● **What the task asks**:
Below are entries to reproduce exactly, apart from their pictures.

Dataset records:
[Start of Attachment]

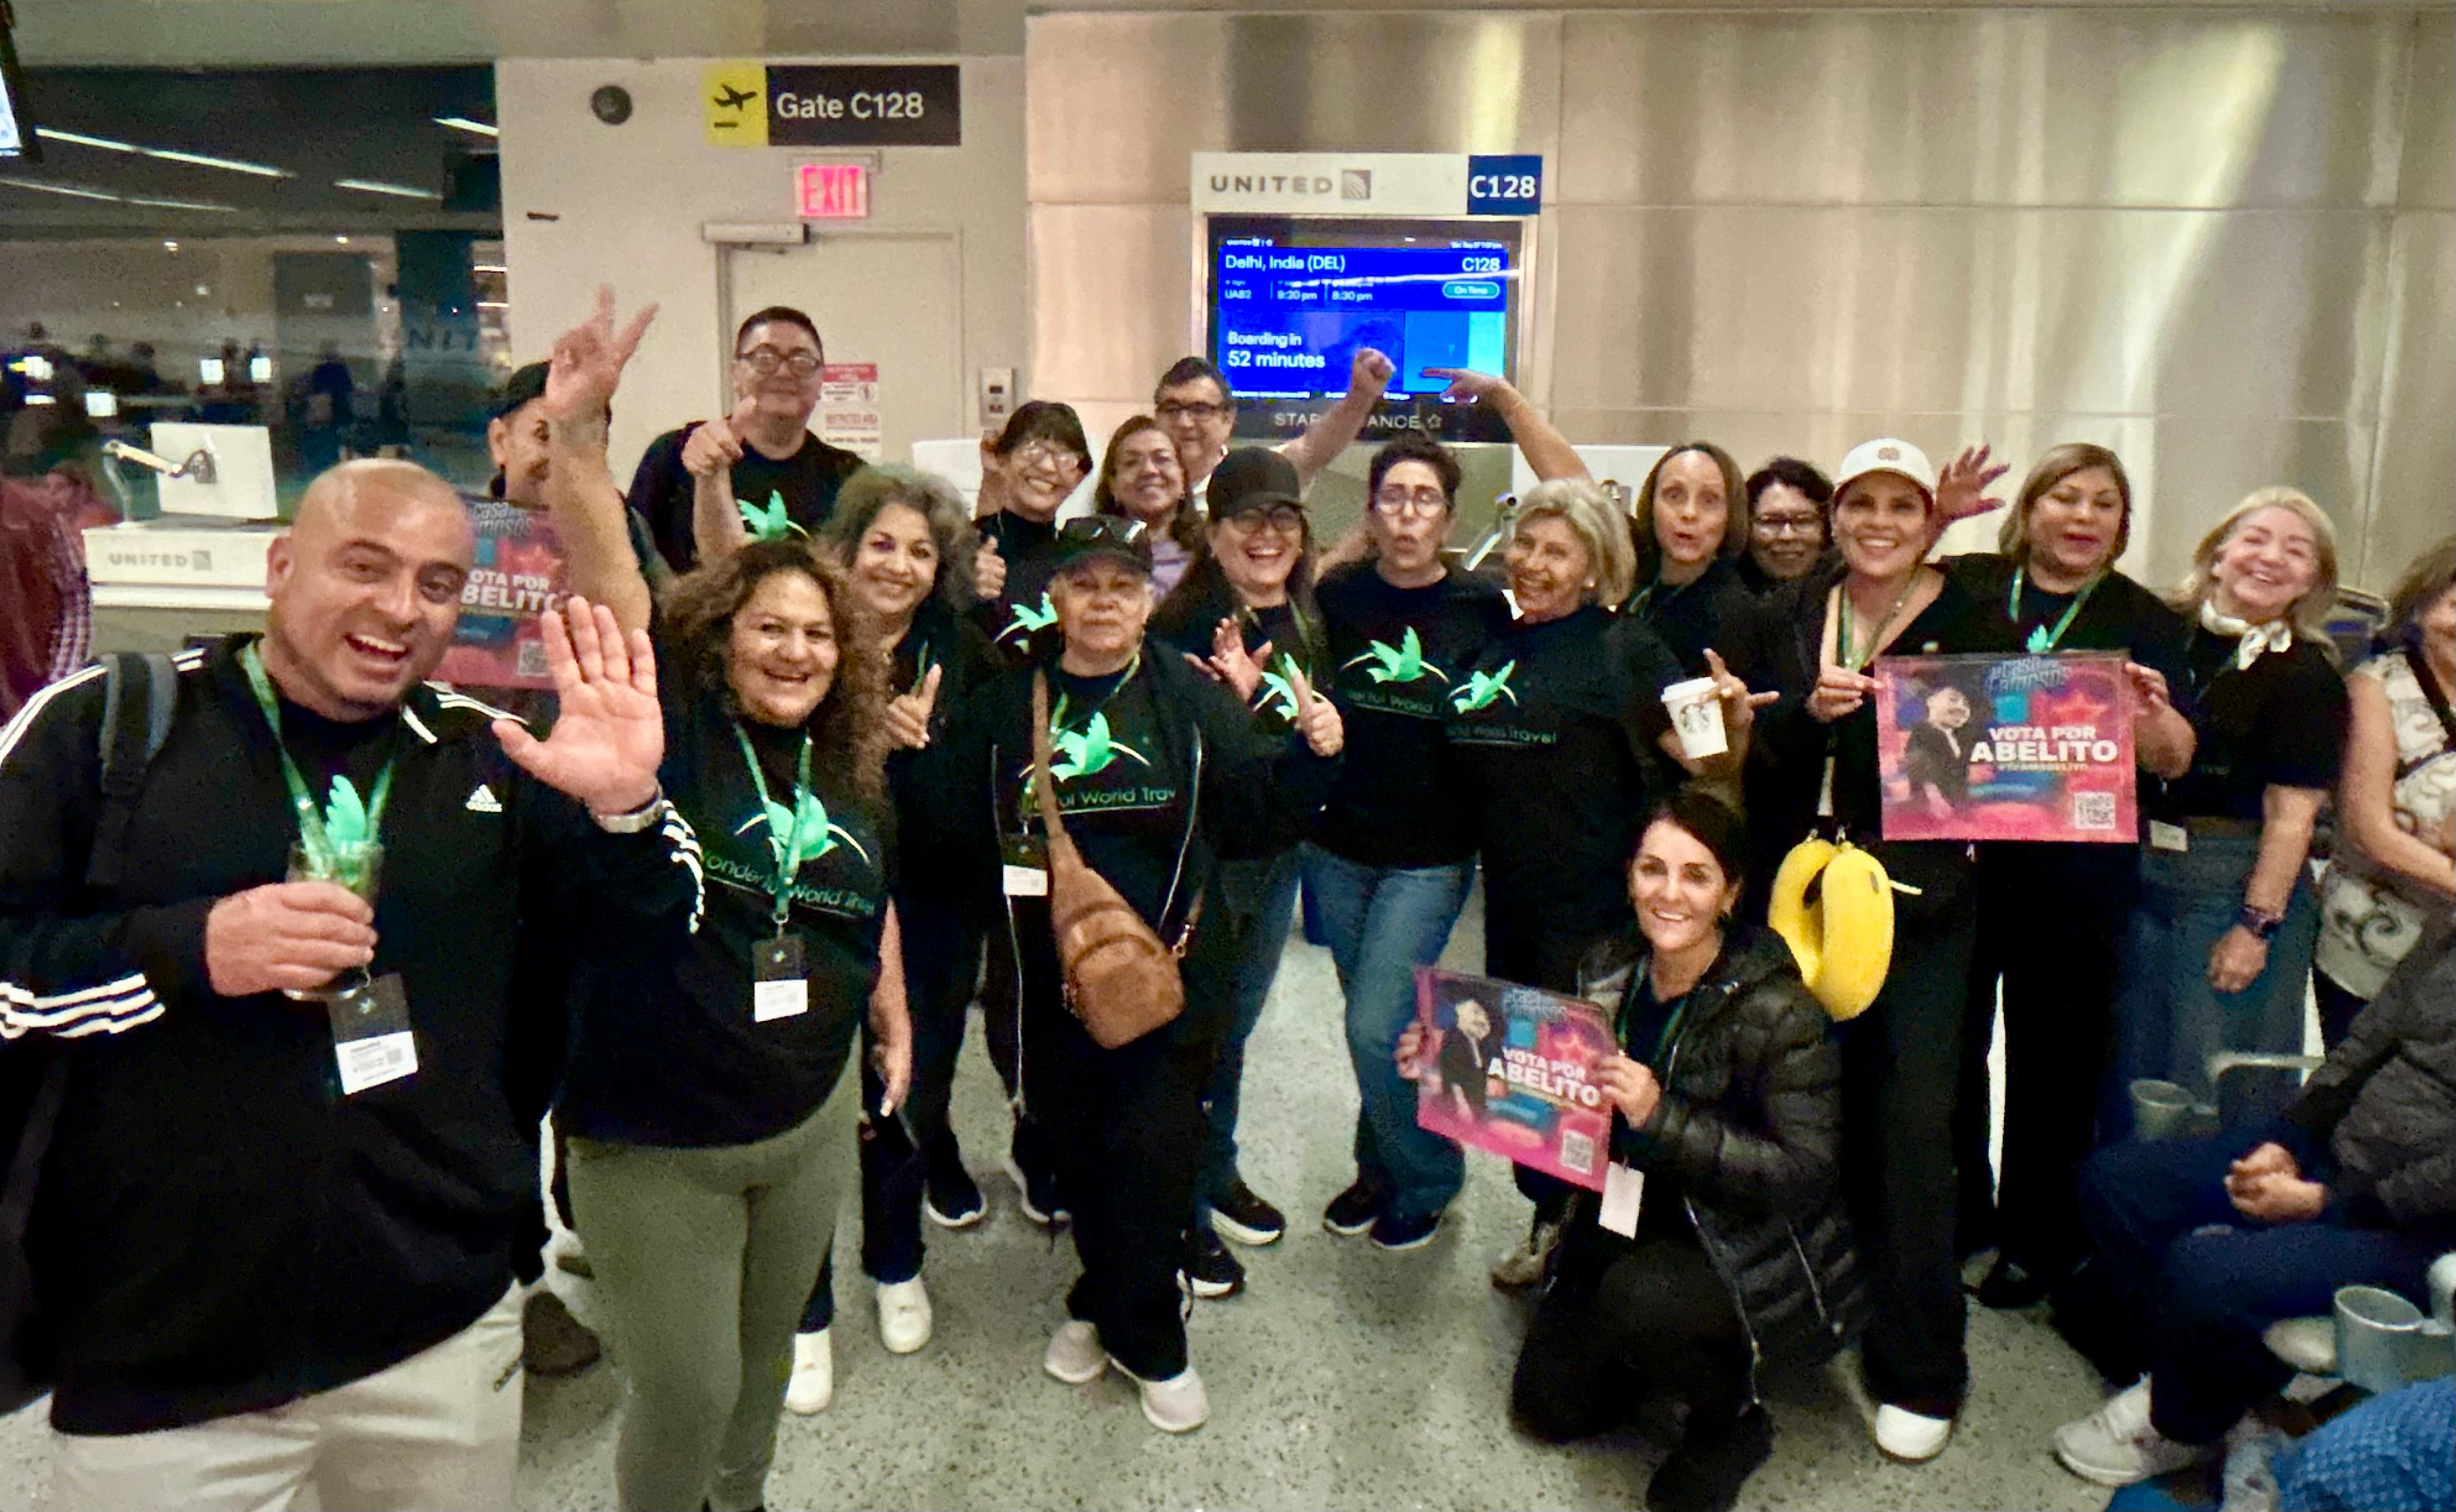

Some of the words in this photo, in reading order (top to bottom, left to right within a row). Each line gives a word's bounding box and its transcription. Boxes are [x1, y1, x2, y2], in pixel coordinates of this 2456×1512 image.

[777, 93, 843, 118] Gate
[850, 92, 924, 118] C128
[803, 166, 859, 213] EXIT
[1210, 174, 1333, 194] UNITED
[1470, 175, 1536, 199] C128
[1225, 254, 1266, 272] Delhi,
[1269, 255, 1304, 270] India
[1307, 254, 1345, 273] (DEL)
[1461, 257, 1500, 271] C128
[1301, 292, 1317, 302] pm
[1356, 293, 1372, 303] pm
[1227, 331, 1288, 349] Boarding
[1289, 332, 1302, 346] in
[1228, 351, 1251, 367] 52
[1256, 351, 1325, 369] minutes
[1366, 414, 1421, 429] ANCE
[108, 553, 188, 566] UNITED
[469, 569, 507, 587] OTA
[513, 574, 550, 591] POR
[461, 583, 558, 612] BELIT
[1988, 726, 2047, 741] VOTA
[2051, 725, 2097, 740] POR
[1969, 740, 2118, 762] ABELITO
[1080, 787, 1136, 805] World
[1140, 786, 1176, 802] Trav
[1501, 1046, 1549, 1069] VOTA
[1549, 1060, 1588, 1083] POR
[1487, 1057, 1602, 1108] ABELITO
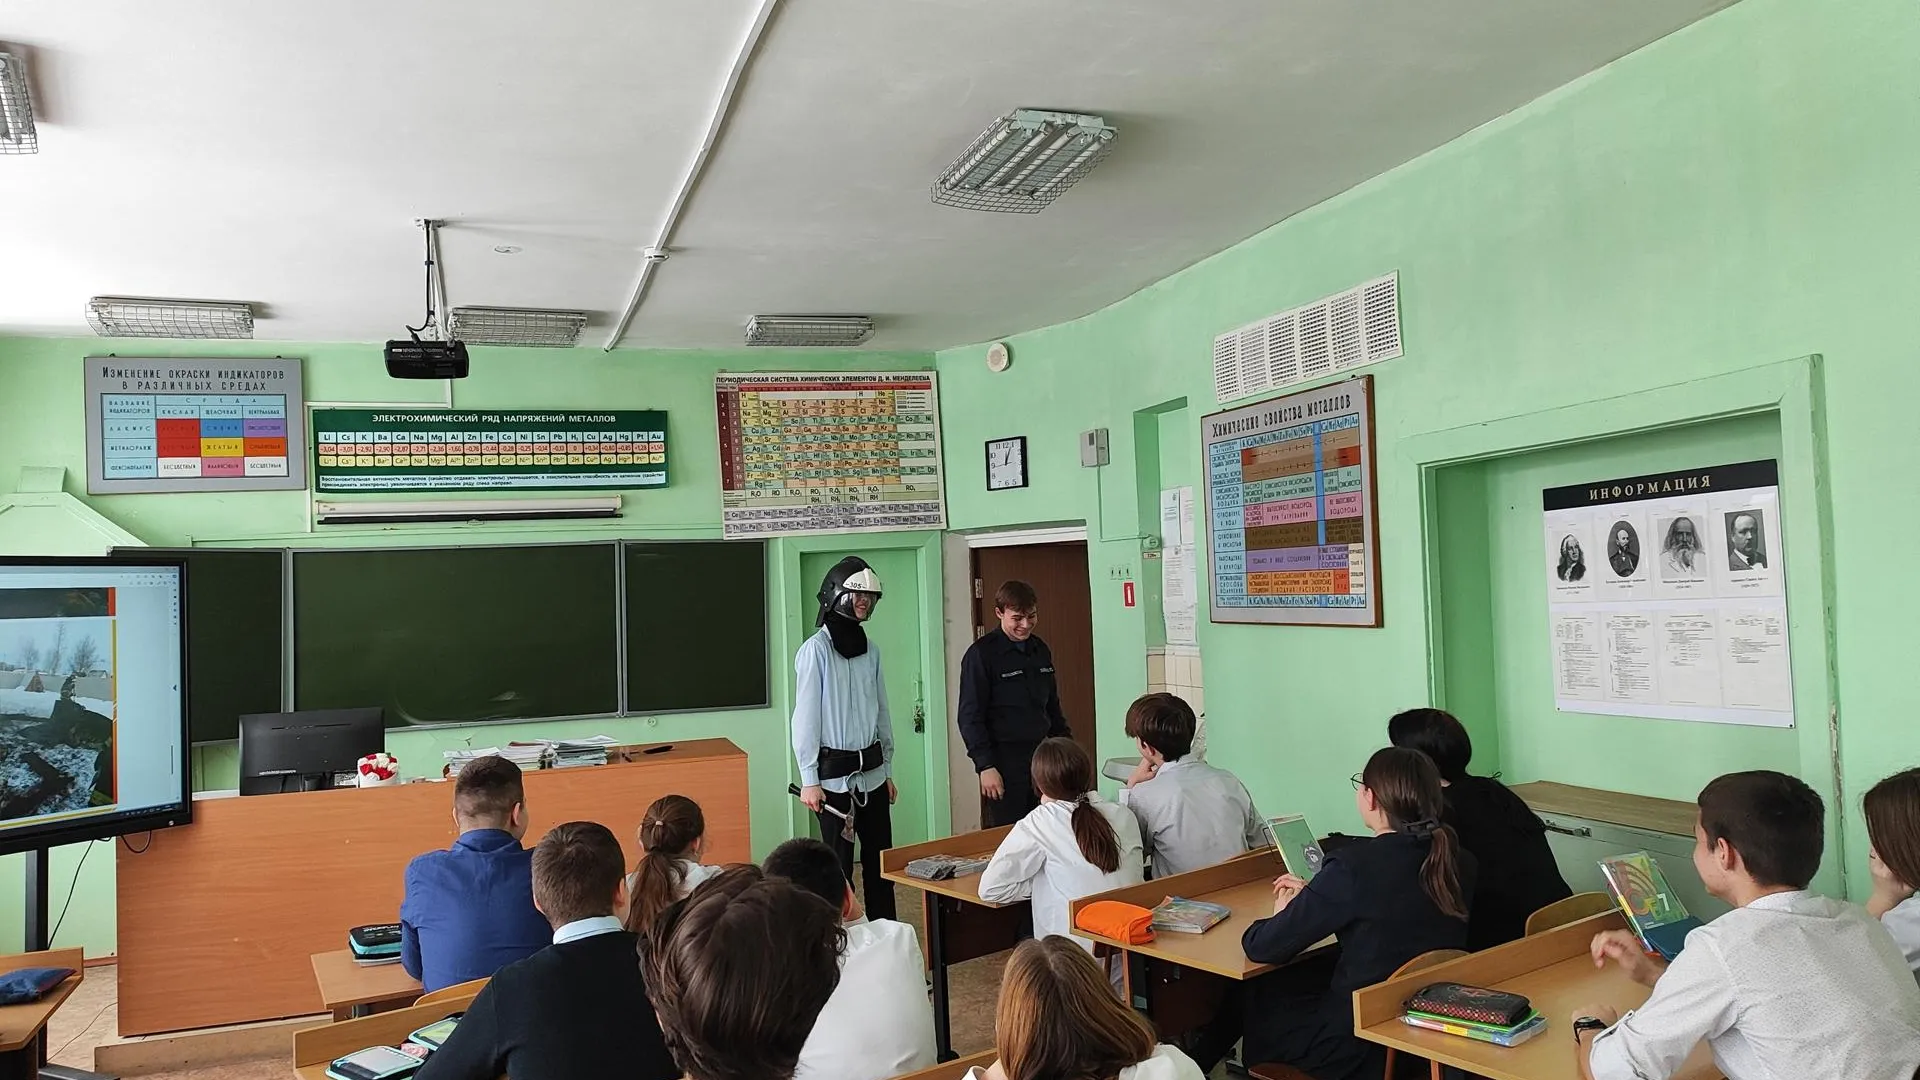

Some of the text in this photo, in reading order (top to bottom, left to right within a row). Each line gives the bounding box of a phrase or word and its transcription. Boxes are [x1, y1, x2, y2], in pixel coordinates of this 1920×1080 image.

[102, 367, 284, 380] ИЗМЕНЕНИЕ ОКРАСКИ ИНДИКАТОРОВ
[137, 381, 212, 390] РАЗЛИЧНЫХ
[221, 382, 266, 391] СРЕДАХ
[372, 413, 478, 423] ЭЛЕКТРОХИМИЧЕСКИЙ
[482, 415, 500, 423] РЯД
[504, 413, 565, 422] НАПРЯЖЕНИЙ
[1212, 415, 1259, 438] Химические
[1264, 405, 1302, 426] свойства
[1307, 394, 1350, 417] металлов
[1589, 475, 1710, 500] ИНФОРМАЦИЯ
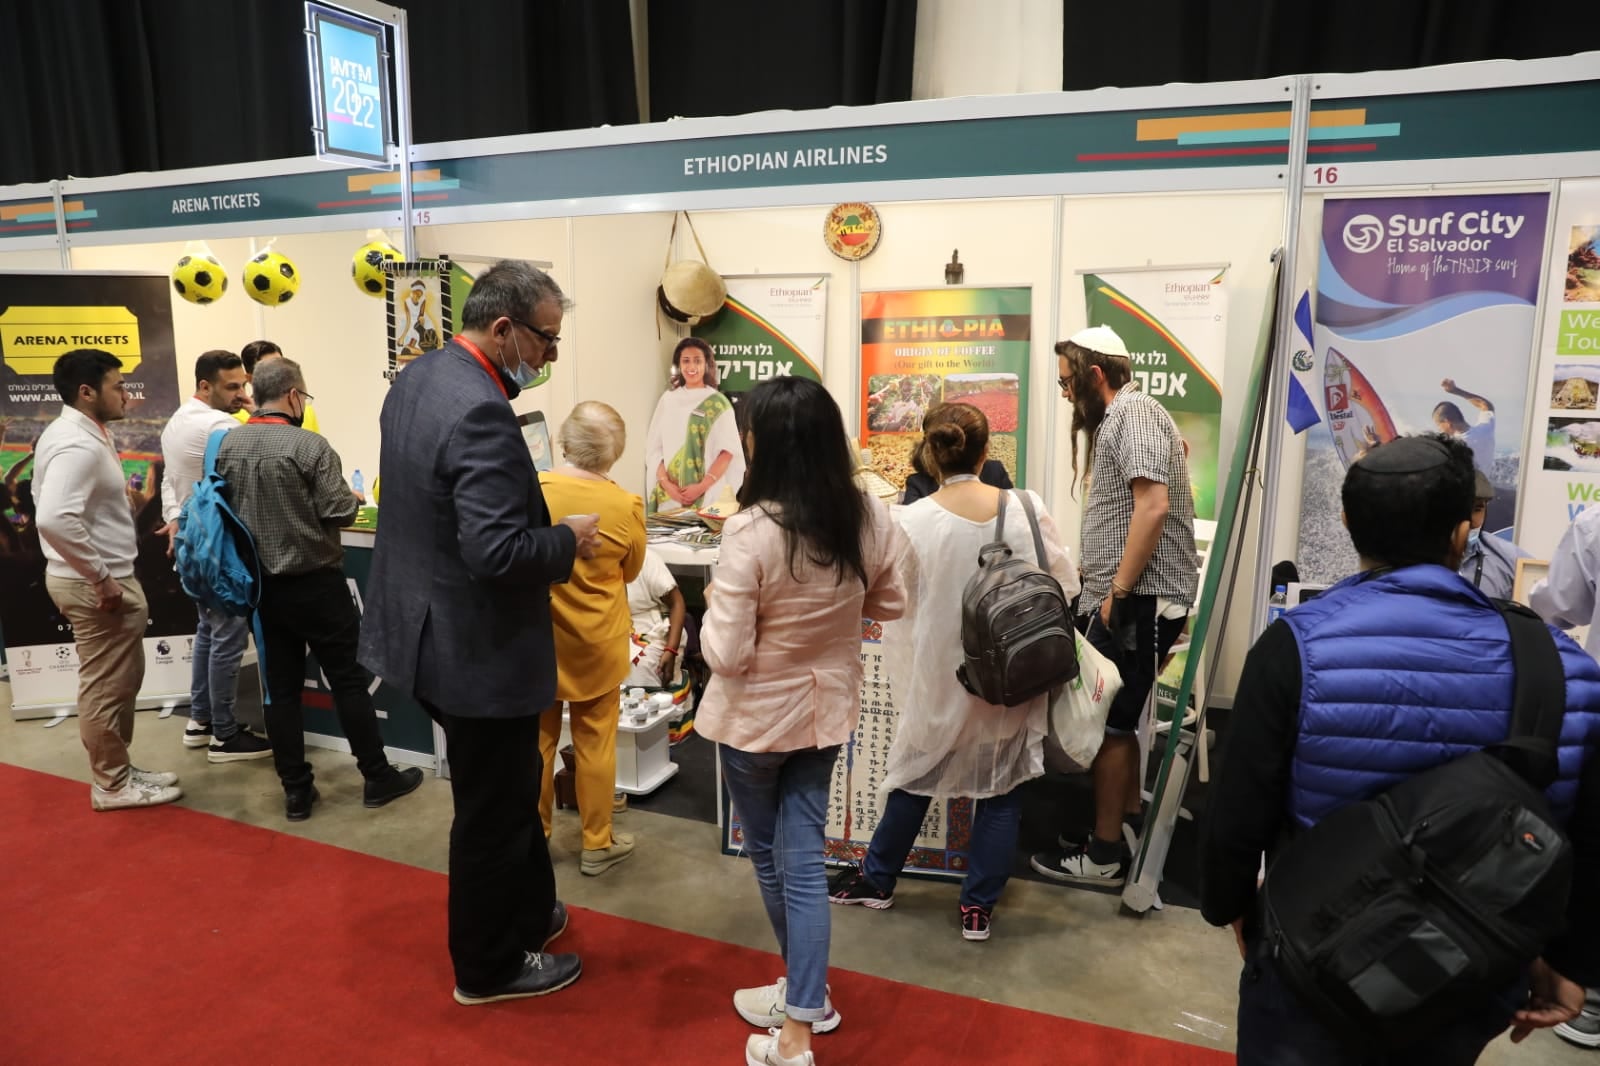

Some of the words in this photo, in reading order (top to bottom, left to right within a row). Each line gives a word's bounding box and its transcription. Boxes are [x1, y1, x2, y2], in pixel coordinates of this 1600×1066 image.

[End of Attachment]

● **Written response**:
Some of the words in this photo, in reading order (top to bottom, left to right within a row). Each line gives a word's bounding box and its transcription. Boxes are [x1, y1, x2, y2], in pixel coordinates of this 2456×1512 image.

[777, 93, 843, 118] Gate
[850, 92, 924, 118] C128
[803, 166, 859, 213] EXIT
[1210, 174, 1333, 194] UNITED
[1470, 175, 1536, 199] C128
[1225, 254, 1266, 272] Delhi,
[1269, 255, 1304, 270] India
[1307, 254, 1345, 273] (DEL)
[1461, 257, 1500, 271] C128
[1301, 292, 1317, 302] pm
[1356, 293, 1372, 303] pm
[1227, 331, 1288, 349] Boarding
[1289, 332, 1302, 346] in
[1228, 351, 1251, 367] 52
[1256, 351, 1325, 369] minutes
[1366, 414, 1421, 429] ANCE
[108, 553, 188, 566] UNITED
[469, 569, 507, 587] OTA
[513, 574, 550, 591] POR
[461, 583, 558, 612] BELIT
[1988, 726, 2047, 741] VOTA
[2051, 725, 2097, 740] POR
[1969, 740, 2118, 762] ABELITO
[1080, 787, 1136, 805] World
[1140, 786, 1176, 802] Trav
[1501, 1046, 1549, 1069] VOTA
[1549, 1060, 1588, 1083] POR
[1487, 1057, 1602, 1108] ABELITO

Some of the text in this photo, in reading order (top to bottom, left to right within a row). Each line gives the bounding box of a phrase or word and its transcription. Boxes are [x1, y1, x2, y2], in pixel coordinates of this 1920×1080 image.

[102, 367, 284, 380] ИЗМЕНЕНИЕ ОКРАСКИ ИНДИКАТОРОВ
[137, 381, 212, 390] РАЗЛИЧНЫХ
[221, 382, 266, 391] СРЕДАХ
[372, 413, 478, 423] ЭЛЕКТРОХИМИЧЕСКИЙ
[482, 415, 500, 423] РЯД
[504, 413, 565, 422] НАПРЯЖЕНИЙ
[1212, 415, 1259, 438] Химические
[1264, 405, 1302, 426] свойства
[1307, 394, 1350, 417] металлов
[1589, 475, 1710, 500] ИНФОРМАЦИЯ

Some of the words in this photo, in reading order (top to bottom, left to right within a row). Each line gives a word's bounding box and its transcription. Boxes are [x1, y1, x2, y2], in pixel coordinates of this 1600×1066 image.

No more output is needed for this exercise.